Well, some men were – Charles Mason and Jeremiah Dixon (their mapping of the border between the Southern and Northern states of America is reflected in the naming of the “Mason-Dixon line”) were on a ship caught in battle with the French on their way to Bencoolen, an observatory point in Sumatra. So traumatised were they that they refused to carry on. The Royal Society threatened them with court and the Admiralty with charges of mutiny.
Science didn’t always advance with threats, though: this history is as much a testimony to the characters who undertook foolhardy tasks as it is to scientific progress. The remarkable Jean-Baptiste Chappe d’Auteroche, for example, made a 4,000-mile journey from Paris to Siberia during the first transit. His second journey took him to California – he was the only man to observe both transits from beginning to end.
Wulf highlights the links between commerce and science (the investment of the East India Company in the first British expedition), the importance of countries co-operating with one another, and the input of the state (the enthusiasm of the monarchy for scientific expeditions helped release funds).
But her story belongs to the fearless – and the fearful – individuals who endured hostile terrain and conditions in the name of science.
The Buddha in the Attic
by Julie Otsuka
Julie Otsuka based her chorus of young Japanese women emigrating to the United States on the real-life recollections of those who left their homes as girls to marry strangers, and the authenticity of her story is indebted to those memories.

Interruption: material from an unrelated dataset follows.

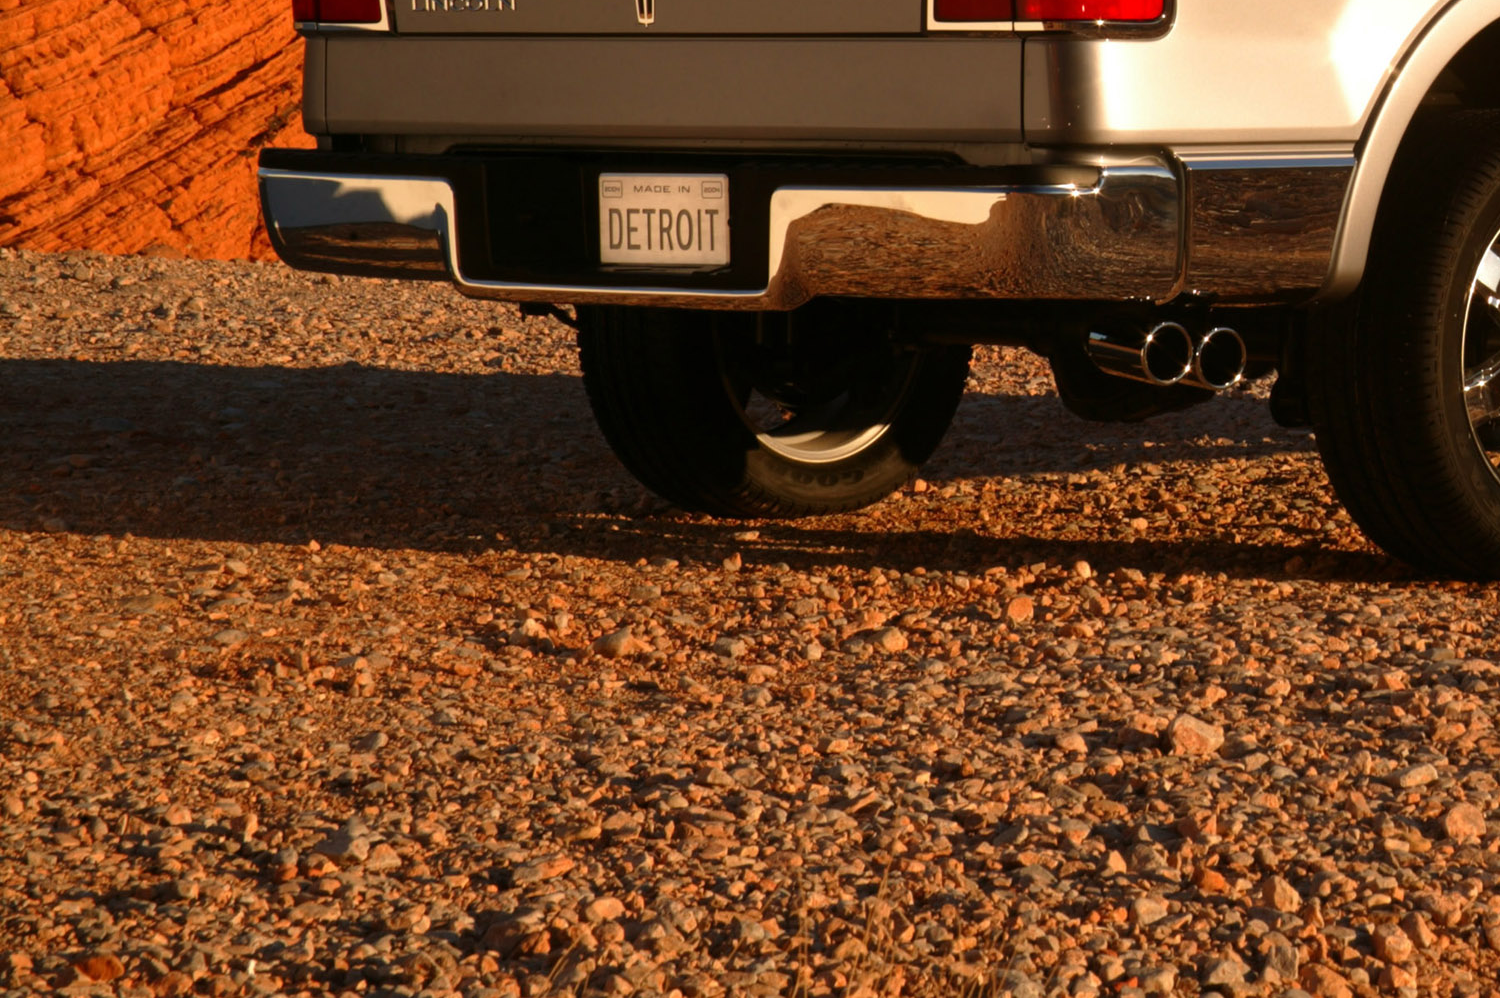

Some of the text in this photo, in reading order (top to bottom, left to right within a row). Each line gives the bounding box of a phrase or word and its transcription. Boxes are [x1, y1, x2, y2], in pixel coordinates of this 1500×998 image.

[633, 185, 691, 193] MADE IN
[608, 208, 719, 251] DETROIT

The mostly teenage girls have only photographs of their intendeds as they sail across the ocean, and most are disappointed by the faces that greet them when they arrive. A life of toil in the fields, or serving rich households awaits, but Otsuka also shows a generation adapting to new soil, giving birth to children who will grow up American, and the shock that comes when Pearl Harbor forces America into the war and Japanese families are interned. This is the story of the immigrant experience, but it is also the story of the powerless: these women have no rights, no authority, no voice.
The Uninvited Guests
by Sadie Jones
The Torrington family – Charlotte, her grown-up children Emerald and Clovis, small daughter Smudge, and one-armed second husband Edward Swift – live in a grand, crumbling country residence which they can’t afford to keep up.
One stormy night – the night of Emerald’s 20th birthday party – there is a train crash nearby; the railway billets a group of survivors on them. The hordes (annoyingly spelt “hoards” throughout) of strangers, oddly hard to count, are faceless, nameless hungry strangers – except for a gentleman in a cherry-red waistcoat who knows Charlotte from way back and has a sinister agenda of his own .... This is a mixture of a comedy of manners and a ghost story, with hints of Saki, Nancy Mitford, and Iris Murdoch. A pleasantly eerie read, with a sweet ending.
The Last Time I Saw You
by Eleanor Moran
The first is that neither of the denouements, for the end of the friendship between subversive Sally and obedient Olivia, or for the “mystery” of Sally’s untimely death in a car accident, is unpredictable or particularly shocking. The second problem is that Moran can’t quite decide what she wants to write – a witty, sharp take on modern morals and manners (she is actually better at this aspect), or a deeply felt examination of love and friendship. The latter is foiled by some sloppy metaphors (“his words weave and dart, taking you on the path he’s carving out with them”) and lots of unnecessary detail – this 500-page novel should have had at least 150 pages cut out of it.